ZEDataset: A pydantic BaseMode

# Datasets ZEDataset: A pydantic BaseModel, identified by `dataset_id`, referring to a ZeroEntropy training dataset. It requires the local directory `./data/datasets/{dataset_id}` to exist, and inside of it, two files are expected: - ze_results.jsonl - Each line is a (query, top ~100 documents), where the documents are retrieved using hybrid search (BM25 + Vector Search, with reciprocal rank fusion) - Our final dataset was like ~20k queries, i.e. 2M (q, d) pairs. - ai_scores.json - For each query, two out of the 100 are selected. Then, the (q, d1, d2) are inferenced by 3 LLMs (OpenAI, Anthropic, Gemini). The three scores are stored as a single datapoint. `ai_scores.json` contains all such datapoints. - Often, the "two out of the 100" are via random selection. However, "_rl" datasets use an RL concept: We intelligently pick (d1, d2) such that our model likely gets it wrong. # Scripts ./ml/training/pairwise/train.py - From ai_scores.json, and a list of dataset ids, we train a 4B Qwen model to mimic the pairwise judgements of the (OpenAI, Anthropic, Gemini) ensemble. 1 query : 1 pair ./ml/training/pairwise/sft_generate.py - This inferences the pairwise AI Model 400 times for each query, i.e. each document gets 4 inferences.
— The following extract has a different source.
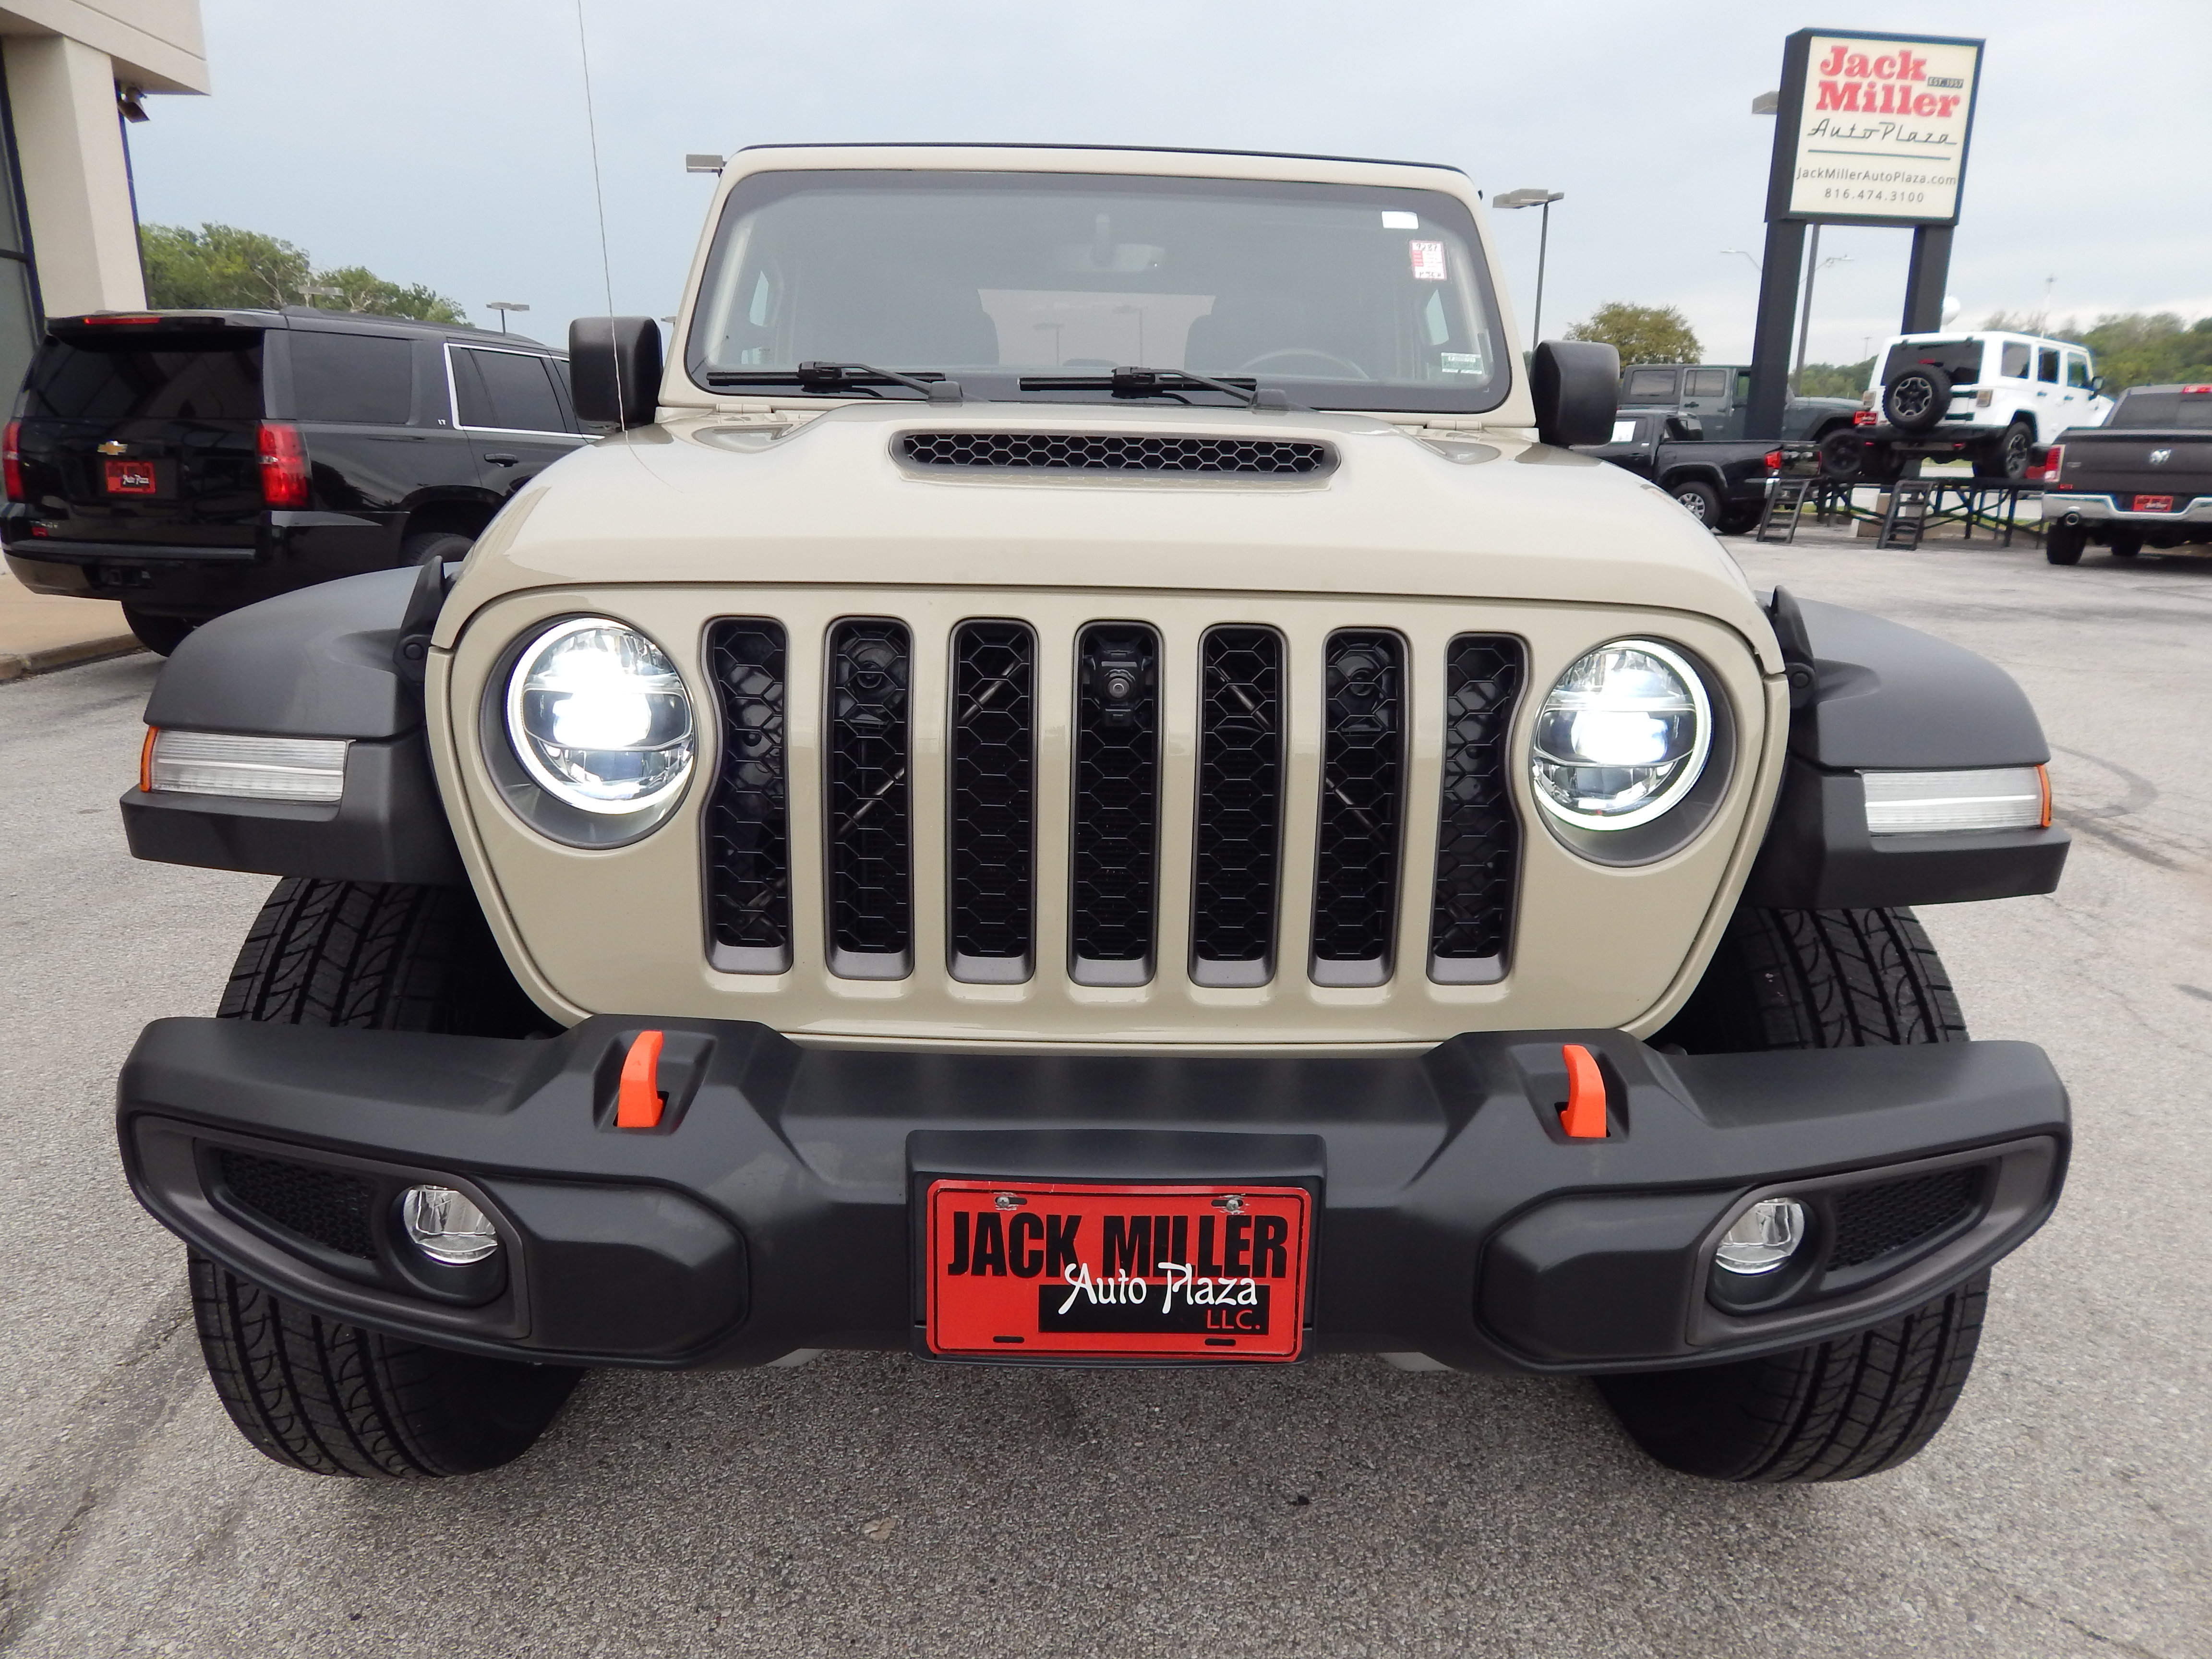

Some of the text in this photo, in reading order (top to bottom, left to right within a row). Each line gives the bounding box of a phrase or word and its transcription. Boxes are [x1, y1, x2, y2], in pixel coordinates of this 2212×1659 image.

The purpose is to later use it for ELO Scoring. 1 query : 400 pairwise comparisons. ./ml/training/elos/sft_elo.py - Takes the 400 pairwise comparisons, and outputs 100 ELO Scores. This goes into e.g. `v0.3_elo.jsonl`. No AI, just math calculation (Bradley-Terry). ./ml/training/pointwise/train_elo.py - Takes `v0.3_elo.jsonl`, and trains a pointwise model that takes (q, d) and outputs the ELO Score.